Without the images, set down each entry exactly.

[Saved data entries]
::::::
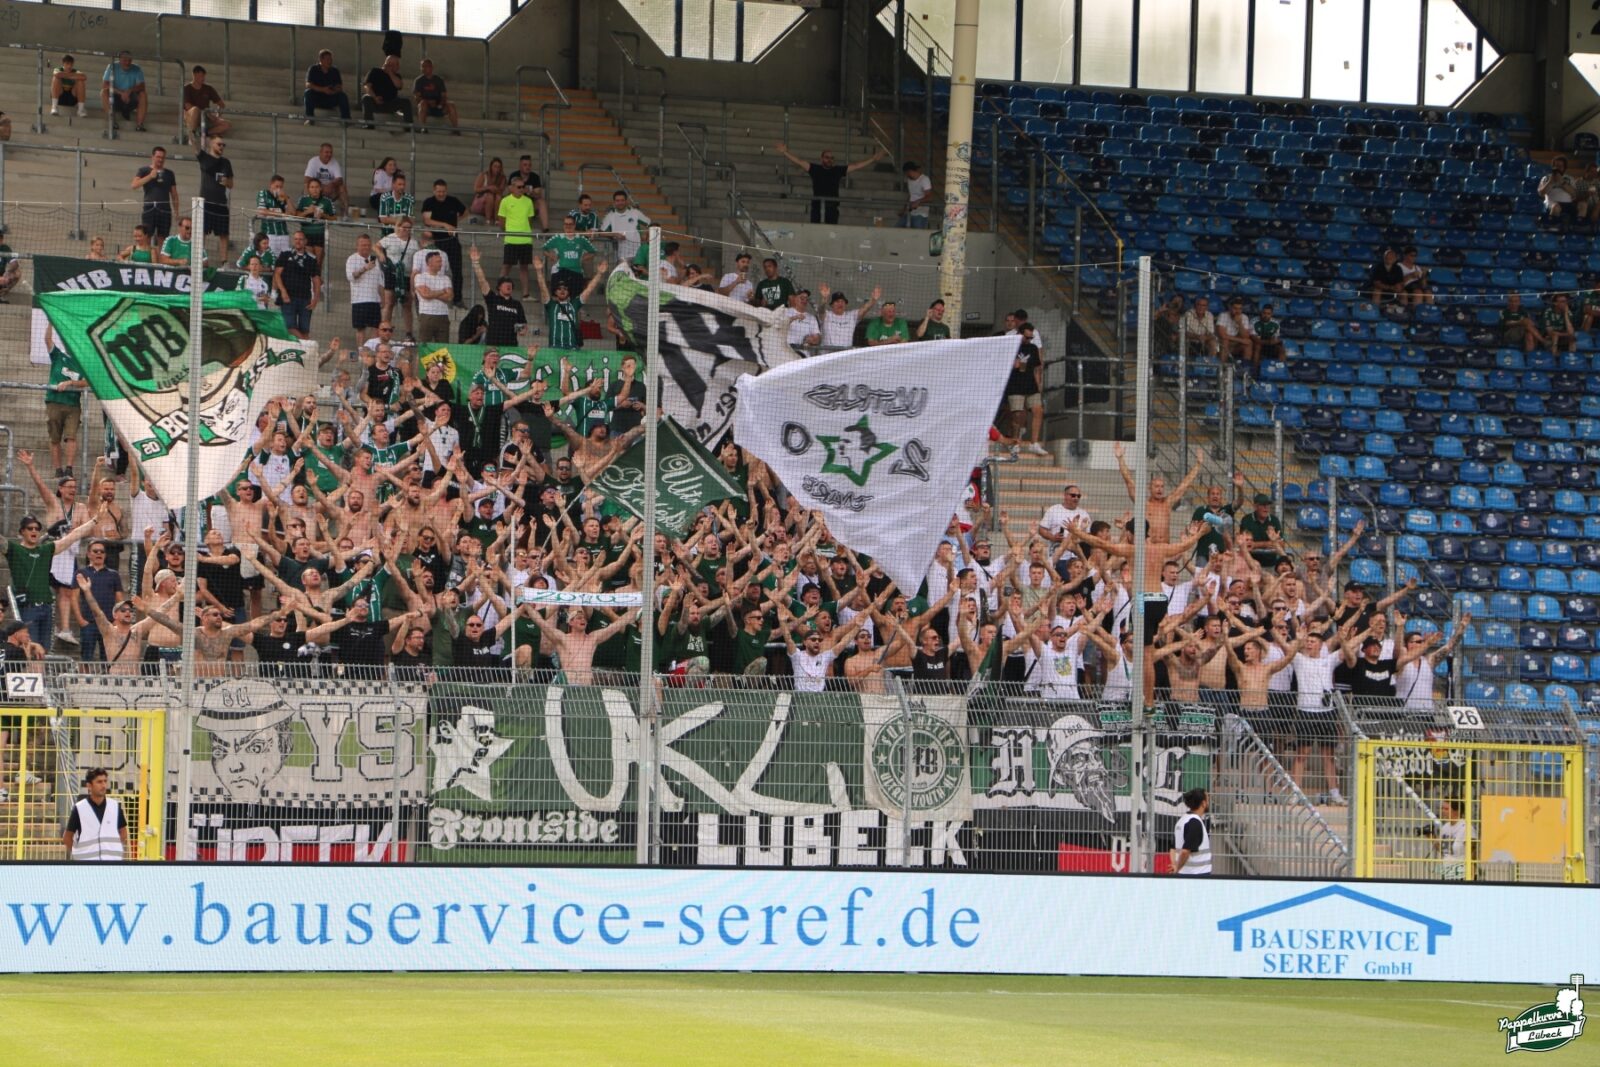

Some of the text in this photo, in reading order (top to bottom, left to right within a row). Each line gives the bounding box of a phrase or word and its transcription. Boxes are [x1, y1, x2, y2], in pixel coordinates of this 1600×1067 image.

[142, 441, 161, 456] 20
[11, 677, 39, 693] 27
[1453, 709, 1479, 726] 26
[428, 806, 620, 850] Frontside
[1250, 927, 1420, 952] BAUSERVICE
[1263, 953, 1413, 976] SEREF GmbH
::::::
- Answer for the task -
Some of the text in this photo, in reading order (top to bottom, left to right within a row). Each line gives the bounding box of a phrase or word and its transcription. Boxes are [x1, y1, x2, y2], in pixel coordinates of this 1600×1067 image.

[142, 441, 161, 456] 20
[11, 677, 39, 693] 27
[1453, 709, 1479, 726] 26
[428, 806, 620, 850] Frontside
[1250, 927, 1420, 952] BAUSERVICE
[1263, 953, 1413, 976] SEREF GmbH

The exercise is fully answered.